Targeting the weight within: obesity pharmacotherapy in cardiovascular disease
Obesity is a major contributor to cardiovascular disease and mortality. New pharmacological treatments, including incretin therapies, have shown significant weight loss and cardiovascular benefits. Large trials have demonstrated that these agents reduce cardiovascular events in patients with cardiovascular disease and improve outcomes in heart failure, kidney disease and metabolic dysfunction-associated steatohepatitis. This article reviews the cardiovascular impact of weight loss and the role of therapies such as semaglutide and tirzepatide in reducing cardiovascular disease risk.
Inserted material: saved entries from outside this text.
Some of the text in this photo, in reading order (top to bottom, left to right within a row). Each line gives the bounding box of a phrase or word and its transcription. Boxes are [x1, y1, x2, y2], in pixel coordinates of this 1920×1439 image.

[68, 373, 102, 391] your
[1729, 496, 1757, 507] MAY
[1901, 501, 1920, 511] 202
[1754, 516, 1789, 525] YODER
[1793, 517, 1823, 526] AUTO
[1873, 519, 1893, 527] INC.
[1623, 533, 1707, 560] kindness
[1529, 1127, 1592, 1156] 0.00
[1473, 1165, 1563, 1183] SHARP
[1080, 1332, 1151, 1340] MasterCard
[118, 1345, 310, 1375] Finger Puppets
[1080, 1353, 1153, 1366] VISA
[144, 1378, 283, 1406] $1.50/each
- Obesity independently increases cardiovascular mortality, and weight loss of 5 to 10% yields meaningful reductions in cardiovascular disease risk factors; weight loss of 10% and above is associated with improved cardiovascular outcomes.
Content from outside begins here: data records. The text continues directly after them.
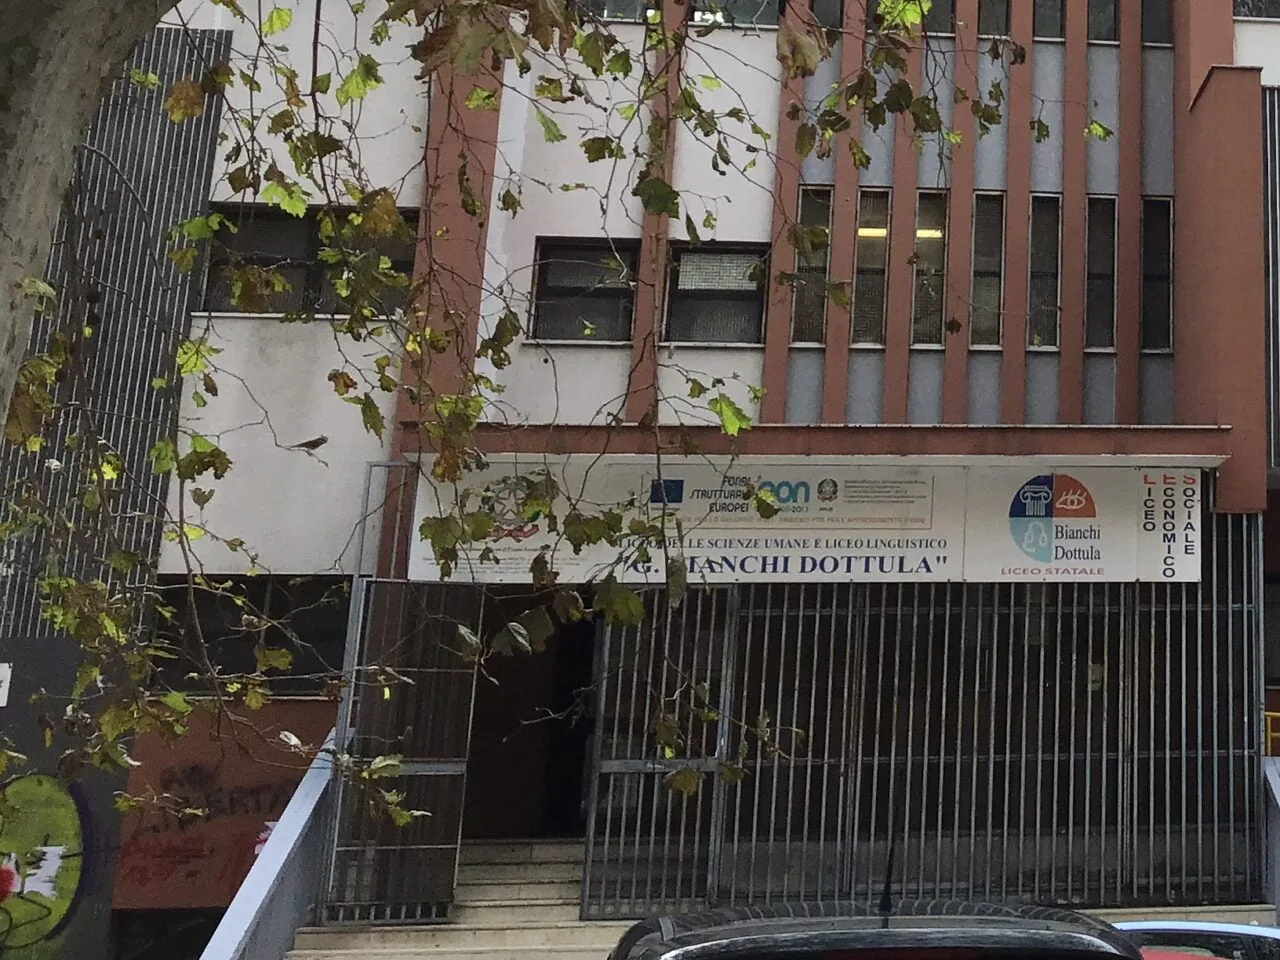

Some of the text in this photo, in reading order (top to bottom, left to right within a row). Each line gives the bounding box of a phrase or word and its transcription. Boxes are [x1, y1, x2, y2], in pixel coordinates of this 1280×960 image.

[709, 502, 749, 513] EUROPEI
[1143, 474, 1156, 531] LICEO
[1182, 474, 1196, 555] SOCIALE
[1054, 524, 1101, 540] Bianchi
[1162, 474, 1176, 578] ECONOMICO
[707, 538, 761, 549] SCIENZE
[764, 538, 810, 549] UMANE
[825, 538, 864, 549] LICEO
[866, 538, 948, 549] LINGUISTICO
[1054, 545, 1101, 560] Dottula
[799, 555, 948, 574] DOTTULA"
[1001, 567, 1105, 576] LICEO STATALE
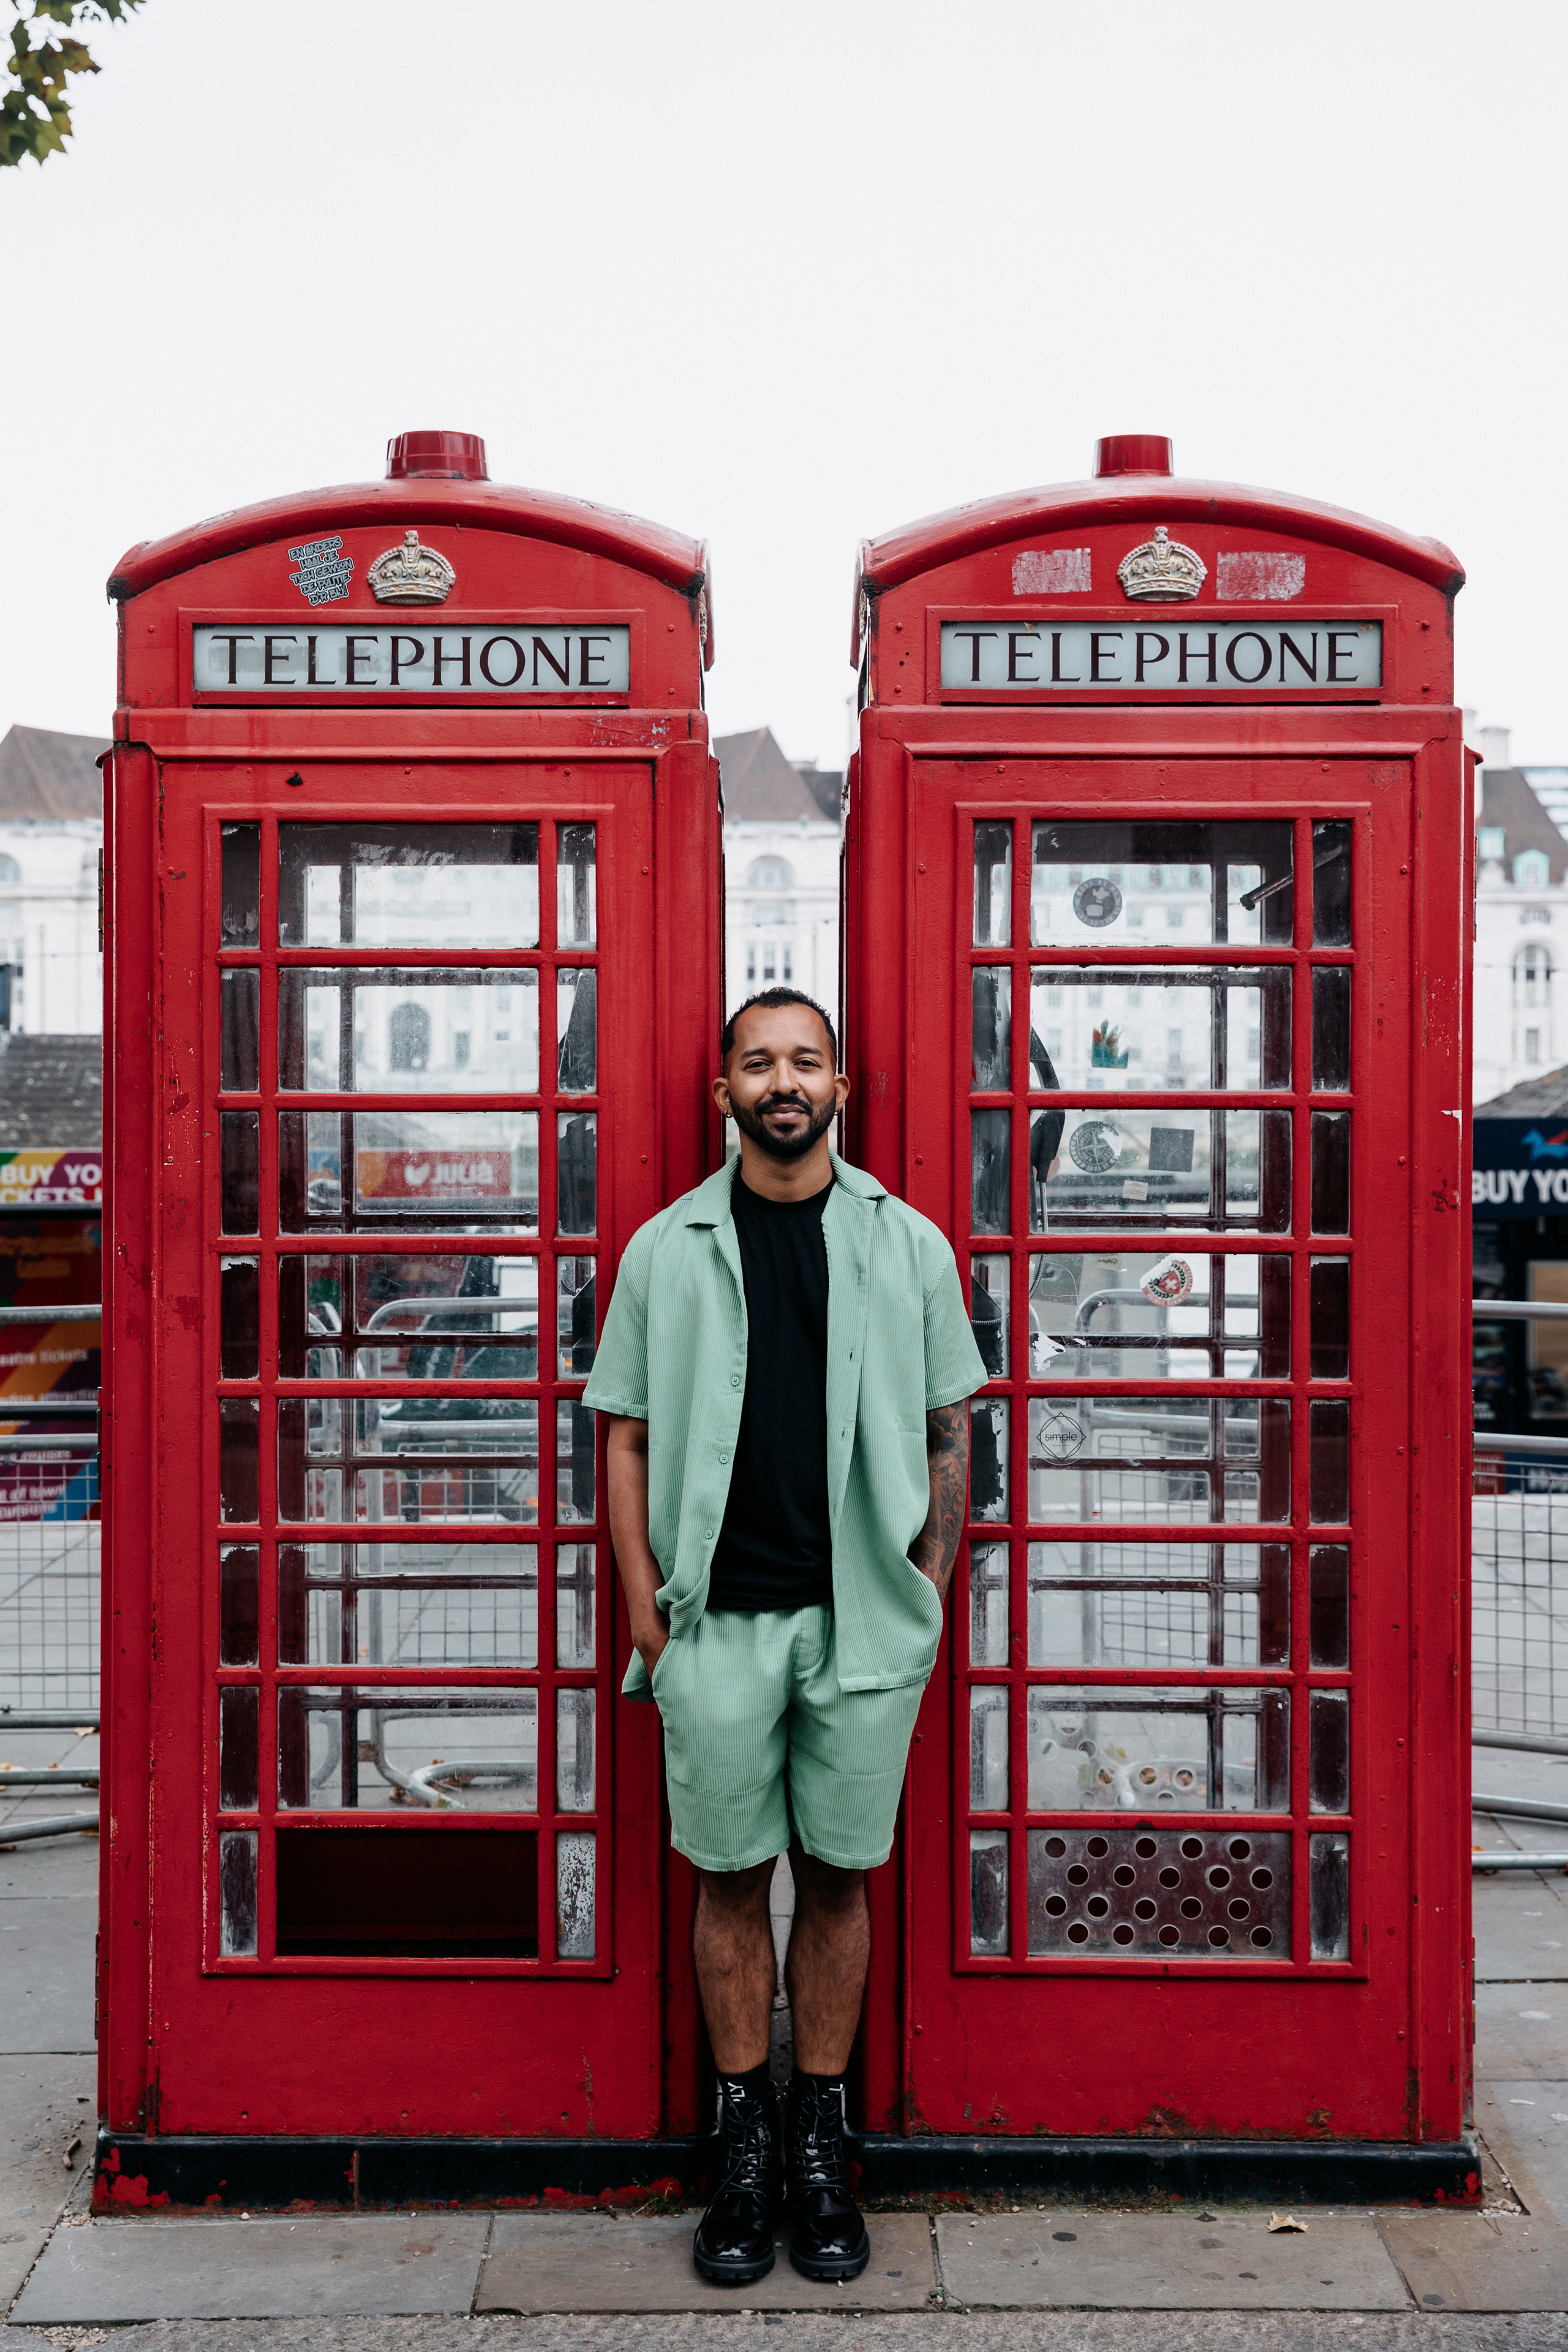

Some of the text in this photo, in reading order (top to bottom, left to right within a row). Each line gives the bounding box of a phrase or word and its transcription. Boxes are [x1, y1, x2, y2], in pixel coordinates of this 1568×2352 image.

[290, 537, 342, 560] EN ANDERS
[290, 559, 353, 585] TOCH GEWOON
[300, 551, 338, 570] HAAL JE
[301, 572, 351, 595] DE POLITIE
[309, 591, 328, 605] D'R
[209, 635, 611, 687] TELEPHONE
[953, 631, 1360, 683] TELEPHONE
[1, 1164, 55, 1186] BUY
[1472, 1169, 1530, 1204] BUY
[1045, 1432, 1077, 1443] simple
- Lifestyle interventions remain foundational, but maintaining weight loss is challenging, with most patients regaining 80% of lost weight within five years.
- Glucagon-like peptide-1 receptor agonists have demonstrated significant weight loss and cardiovascular benefits in both patients with and without diabetes, including a reduction in major adverse cardiovascular events.
- Next-generation therapies are emerging, showing promise for greater weight loss and potential cardiovascular improvements, with ongoing trials evaluating long-term outcomes.
Obesity is a major public health problem that contributes both directly and indirectly to cardiovascular disease (CVD) and mortality. In 2015, obesity was estimated to have accounted for four million deaths globally, two-thirds of which were caused by CVD.1 The management of obesity is rapidly evolving with the introduction of new pharmacological treatments that achieve weight loss comparable to that seen with bariatric surgery. Modern pharmacological agents such as glucagon-like peptide-1 (GLP-1) receptor agonists and combination glucose-dependent insulinotropic polypeptide (GIP)/GLP-1 receptor agonists have also been shown to improve cardiovascular outcomes in patients with obesity.
Why is treatment of obesity important?
Obesity is a multifaceted disease that contributes directly and indirectly to atherosclerotic CVD, heart failure, atrial fibrillation and multiple CVD risk factors, including dyslipidaemia, type 2 diabetes, hypertension and sleep disorders (Figure). It is increasingly recognised that obesity leads to increased CVD mortality independent of cardiovascular risk factors.2-11 Modest reductions in weight of 5 to 10% can produce clinically significant improvements in CVD risk factors. Moreover, the degree of benefit in reducing CVD risk factors and improving clinical outcomes increases with higher percentages of weight loss.9,12-15 The most widely accepted body mass index (BMI) classifications of obesity are shown in Box 1.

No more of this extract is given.